--- Entries shown ---
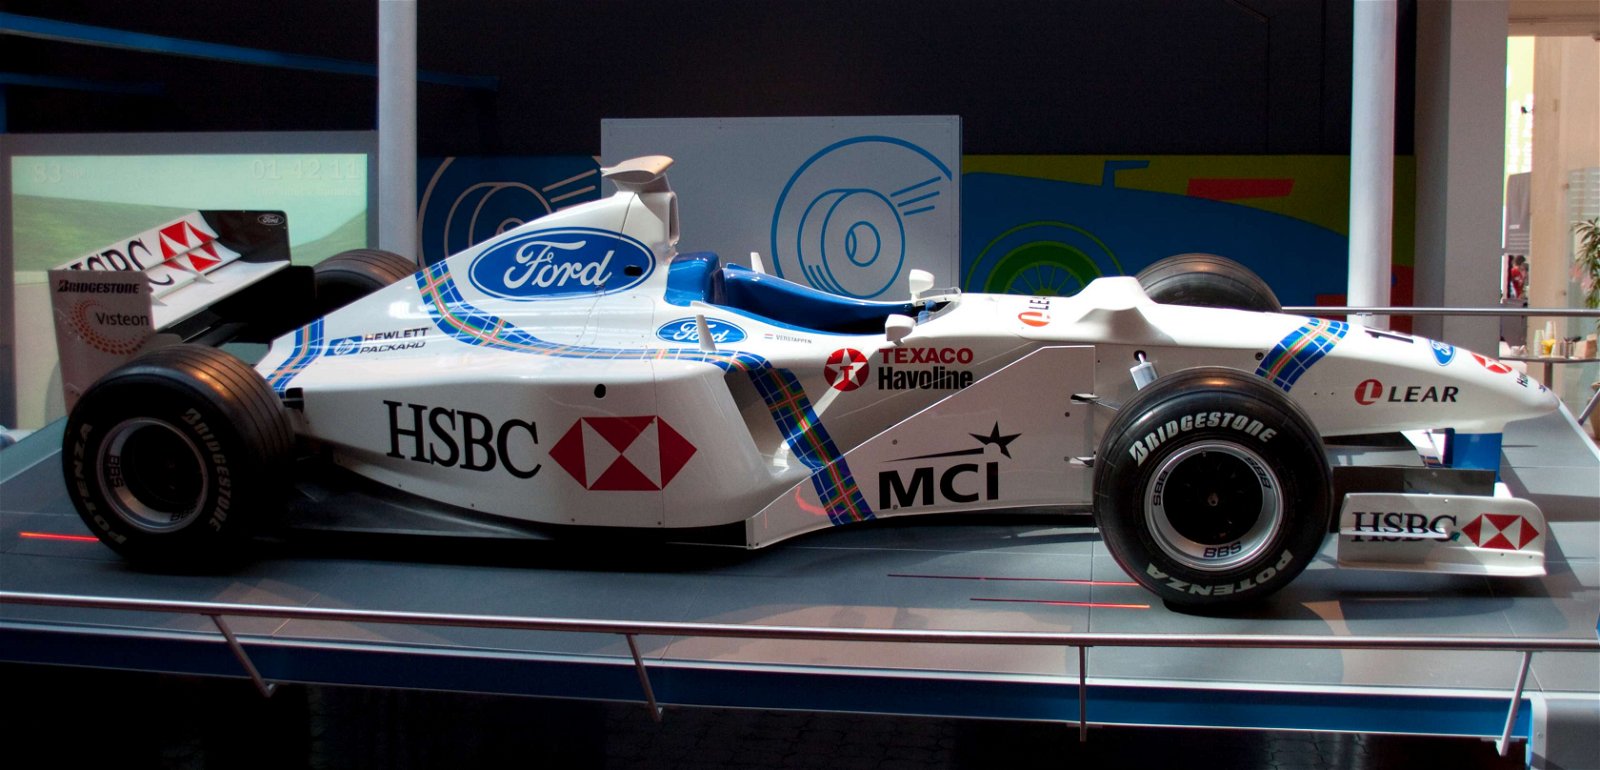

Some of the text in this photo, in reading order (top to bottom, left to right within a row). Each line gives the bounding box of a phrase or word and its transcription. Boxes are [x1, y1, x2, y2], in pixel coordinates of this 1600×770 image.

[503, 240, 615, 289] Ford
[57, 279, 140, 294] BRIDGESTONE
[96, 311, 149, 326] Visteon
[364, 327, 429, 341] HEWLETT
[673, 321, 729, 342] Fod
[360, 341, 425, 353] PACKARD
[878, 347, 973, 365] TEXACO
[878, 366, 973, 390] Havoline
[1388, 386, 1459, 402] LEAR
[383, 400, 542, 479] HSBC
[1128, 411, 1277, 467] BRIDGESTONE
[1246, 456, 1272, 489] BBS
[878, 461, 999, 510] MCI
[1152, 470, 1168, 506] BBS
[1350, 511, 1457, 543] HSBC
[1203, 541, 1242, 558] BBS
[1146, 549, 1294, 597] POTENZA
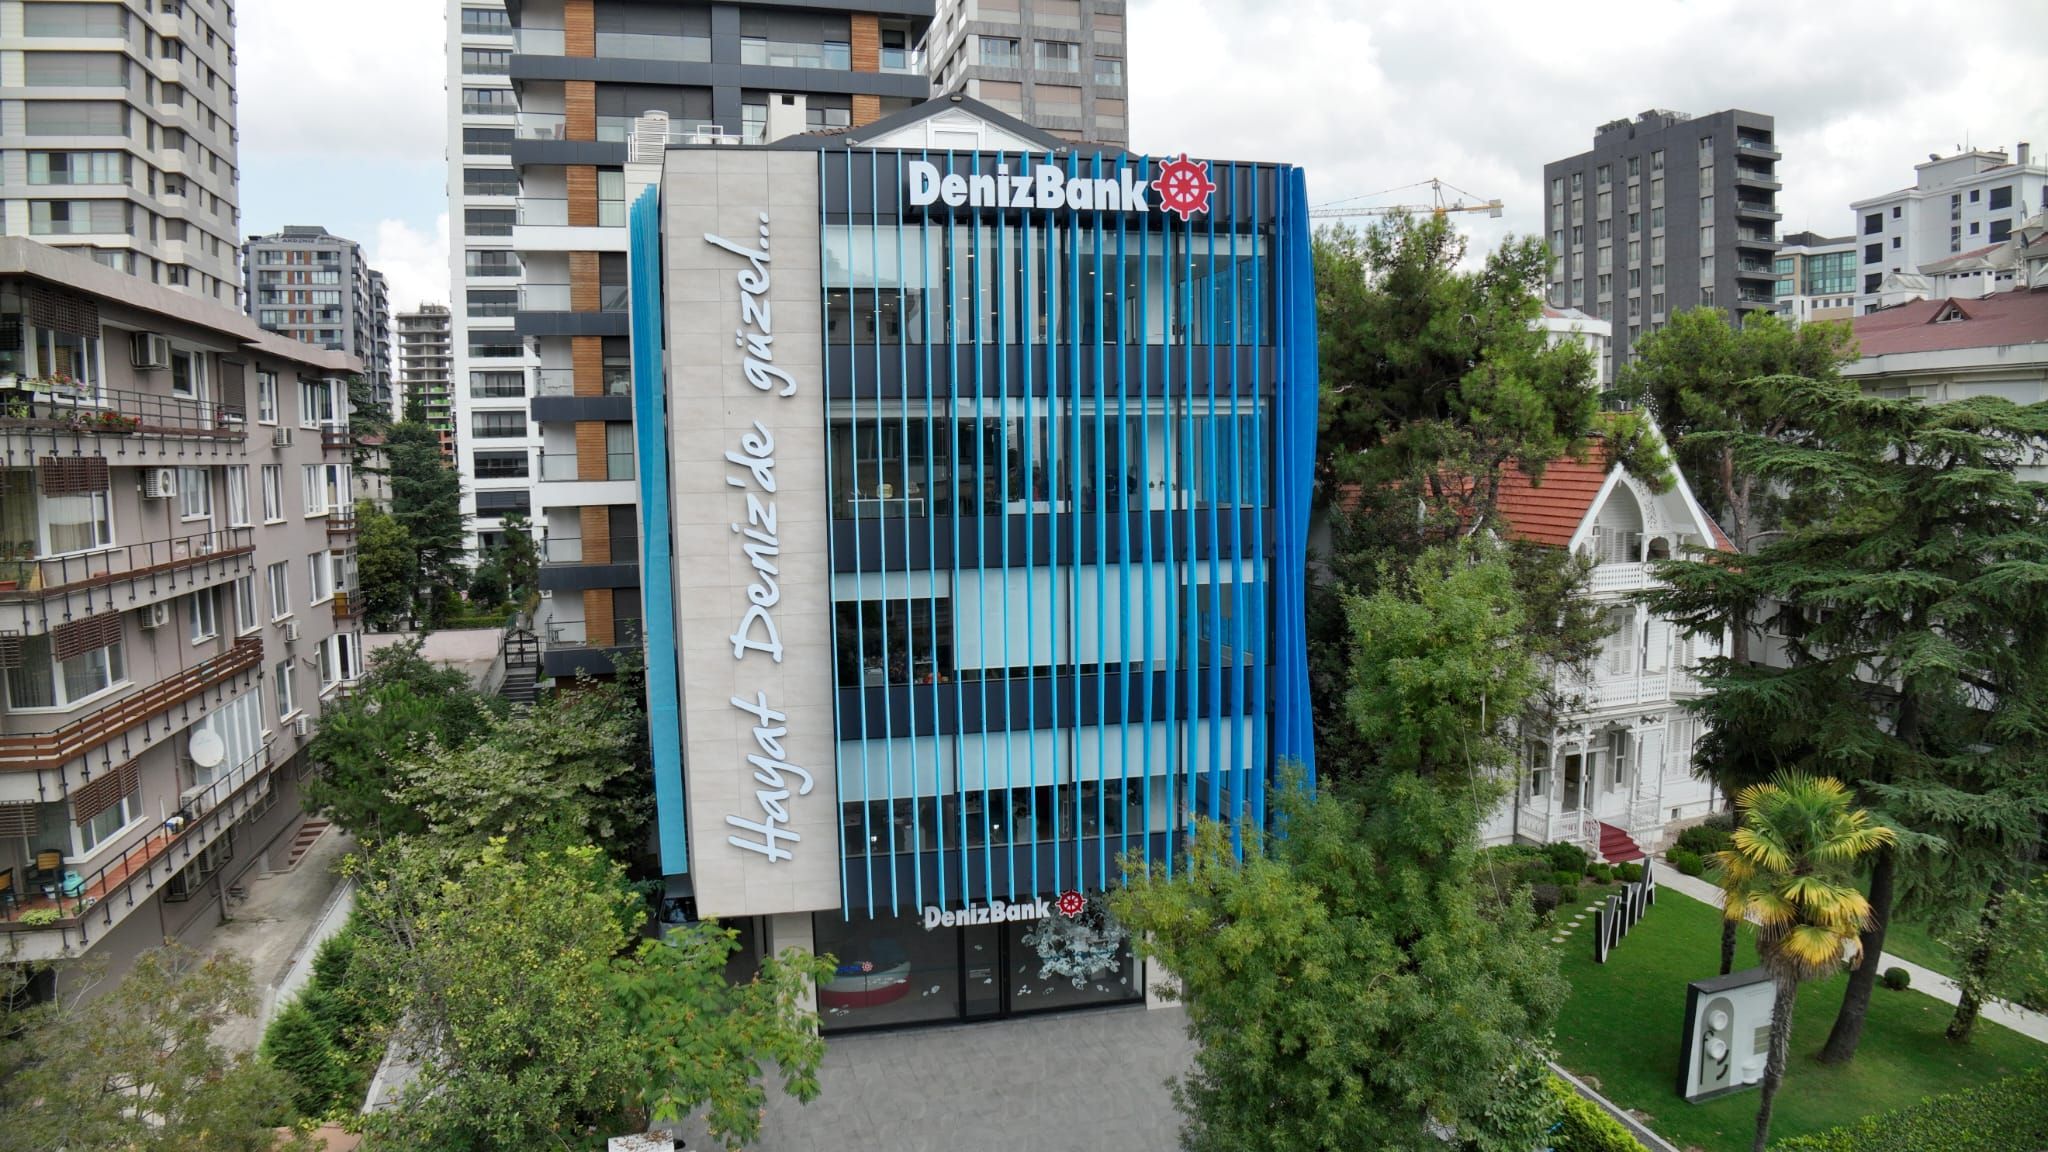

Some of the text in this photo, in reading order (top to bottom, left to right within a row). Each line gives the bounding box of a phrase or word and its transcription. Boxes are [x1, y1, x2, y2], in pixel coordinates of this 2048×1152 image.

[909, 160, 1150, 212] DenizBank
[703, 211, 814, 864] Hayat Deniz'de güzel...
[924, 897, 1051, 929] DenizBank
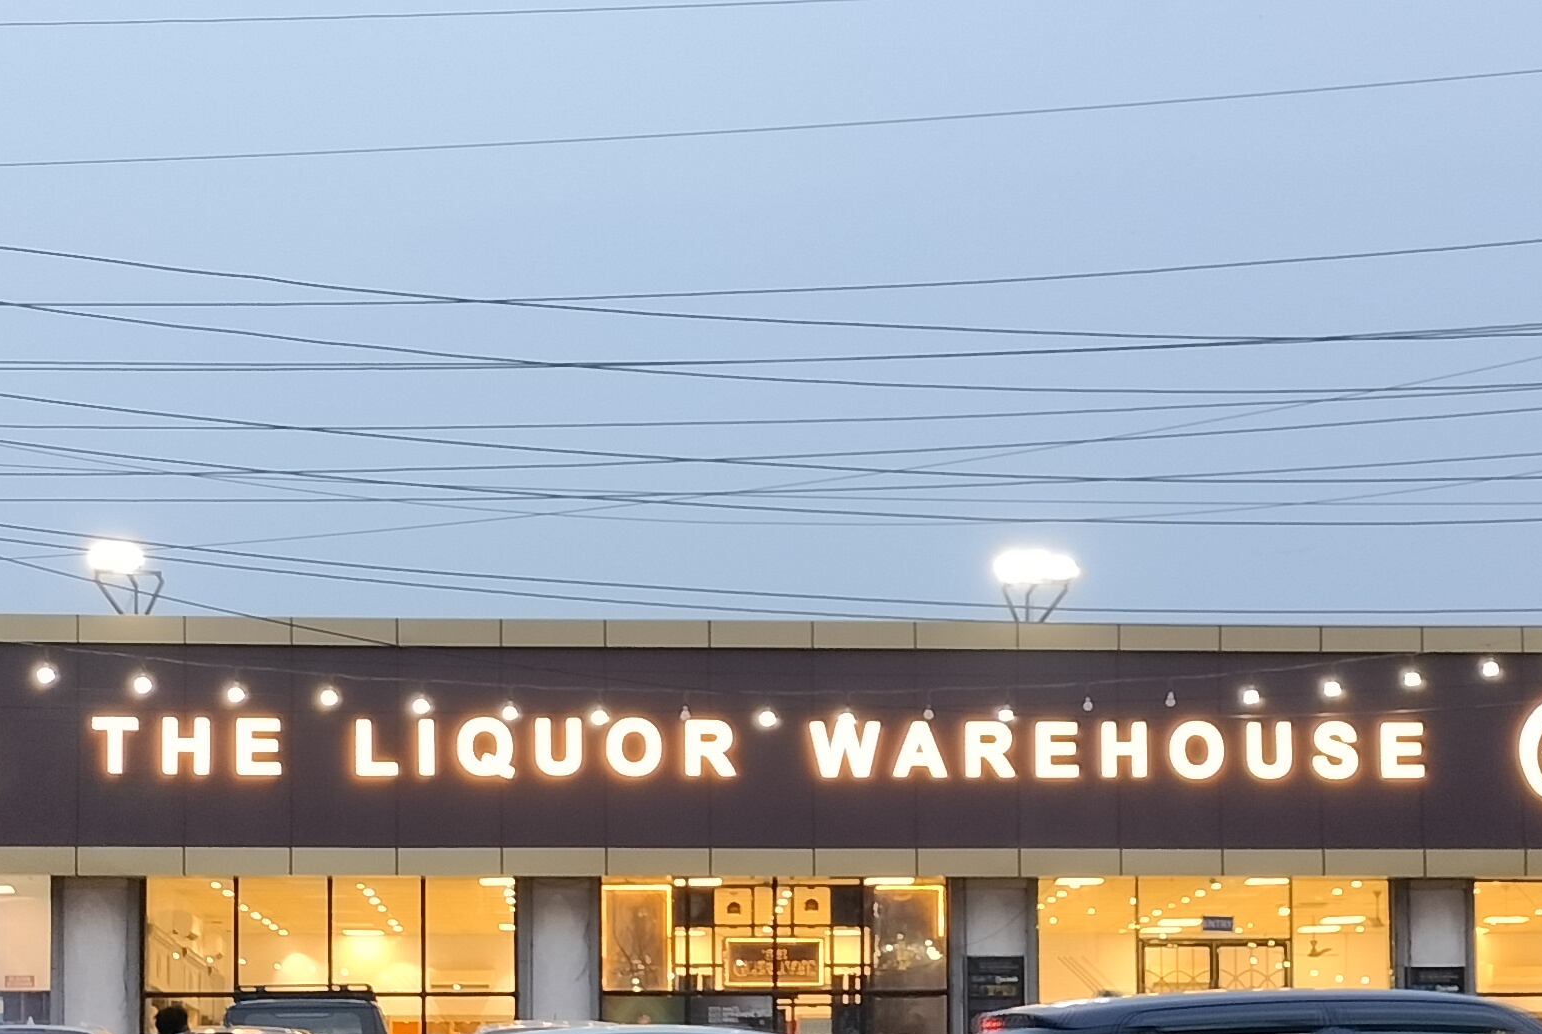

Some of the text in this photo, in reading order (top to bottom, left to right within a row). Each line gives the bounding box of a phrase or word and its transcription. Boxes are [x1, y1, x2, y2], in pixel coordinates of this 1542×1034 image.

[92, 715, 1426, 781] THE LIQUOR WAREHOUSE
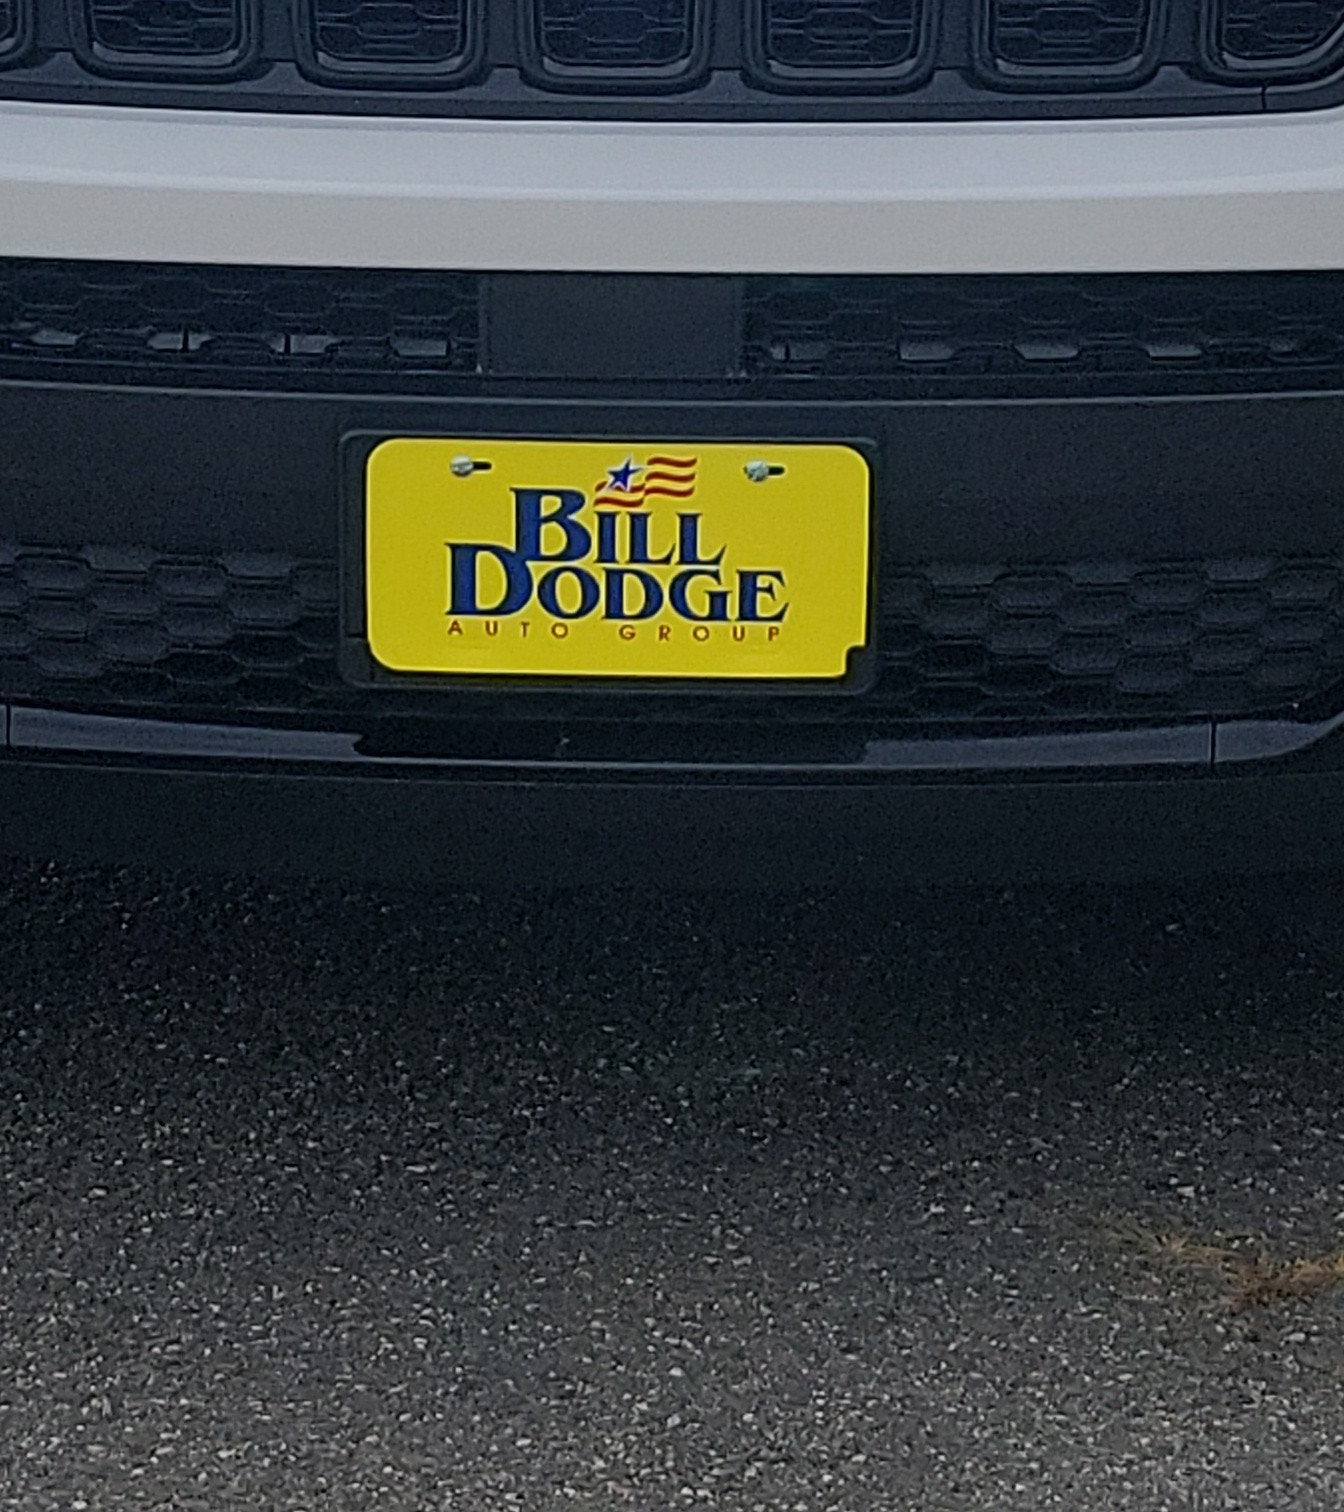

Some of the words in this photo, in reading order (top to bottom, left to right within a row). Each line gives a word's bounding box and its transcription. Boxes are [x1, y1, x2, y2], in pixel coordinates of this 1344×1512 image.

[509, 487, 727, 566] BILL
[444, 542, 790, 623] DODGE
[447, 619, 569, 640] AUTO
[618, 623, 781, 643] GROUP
---
Exercise objective -> Only the text of the records belongs in the answer; reproduce it verbatim, with no pictures.

Answer section ->
Some of the text in this photo, in reading order (top to bottom, left to right within a row). Each line gives the bounding box of a phrase or word and its transcription. Boxes are [x1, y1, x2, y2], in pixel coordinates of this 1600×770 image.

[503, 240, 615, 289] Ford
[57, 279, 140, 294] BRIDGESTONE
[96, 311, 149, 326] Visteon
[364, 327, 429, 341] HEWLETT
[673, 321, 729, 342] Fod
[360, 341, 425, 353] PACKARD
[878, 347, 973, 365] TEXACO
[878, 366, 973, 390] Havoline
[1388, 386, 1459, 402] LEAR
[383, 400, 542, 479] HSBC
[1128, 411, 1277, 467] BRIDGESTONE
[1246, 456, 1272, 489] BBS
[878, 461, 999, 510] MCI
[1152, 470, 1168, 506] BBS
[1350, 511, 1457, 543] HSBC
[1203, 541, 1242, 558] BBS
[1146, 549, 1294, 597] POTENZA

Some of the text in this photo, in reading order (top to bottom, left to right within a row). Each line gives the bounding box of a phrase or word and its transcription. Boxes are [x1, y1, x2, y2], in pixel coordinates of this 2048×1152 image.

[909, 160, 1150, 212] DenizBank
[703, 211, 814, 864] Hayat Deniz'de güzel...
[924, 897, 1051, 929] DenizBank

Some of the text in this photo, in reading order (top to bottom, left to right within a row). Each line gives the bounding box of a phrase or word and its transcription. Boxes are [x1, y1, x2, y2], in pixel coordinates of this 1542×1034 image.

[92, 715, 1426, 781] THE LIQUOR WAREHOUSE

Some of the words in this photo, in reading order (top to bottom, left to right within a row). Each line gives a word's bounding box and its transcription. Boxes are [x1, y1, x2, y2], in pixel coordinates of this 1344×1512 image.

[509, 487, 727, 566] BILL
[444, 542, 790, 623] DODGE
[447, 619, 569, 640] AUTO
[618, 623, 781, 643] GROUP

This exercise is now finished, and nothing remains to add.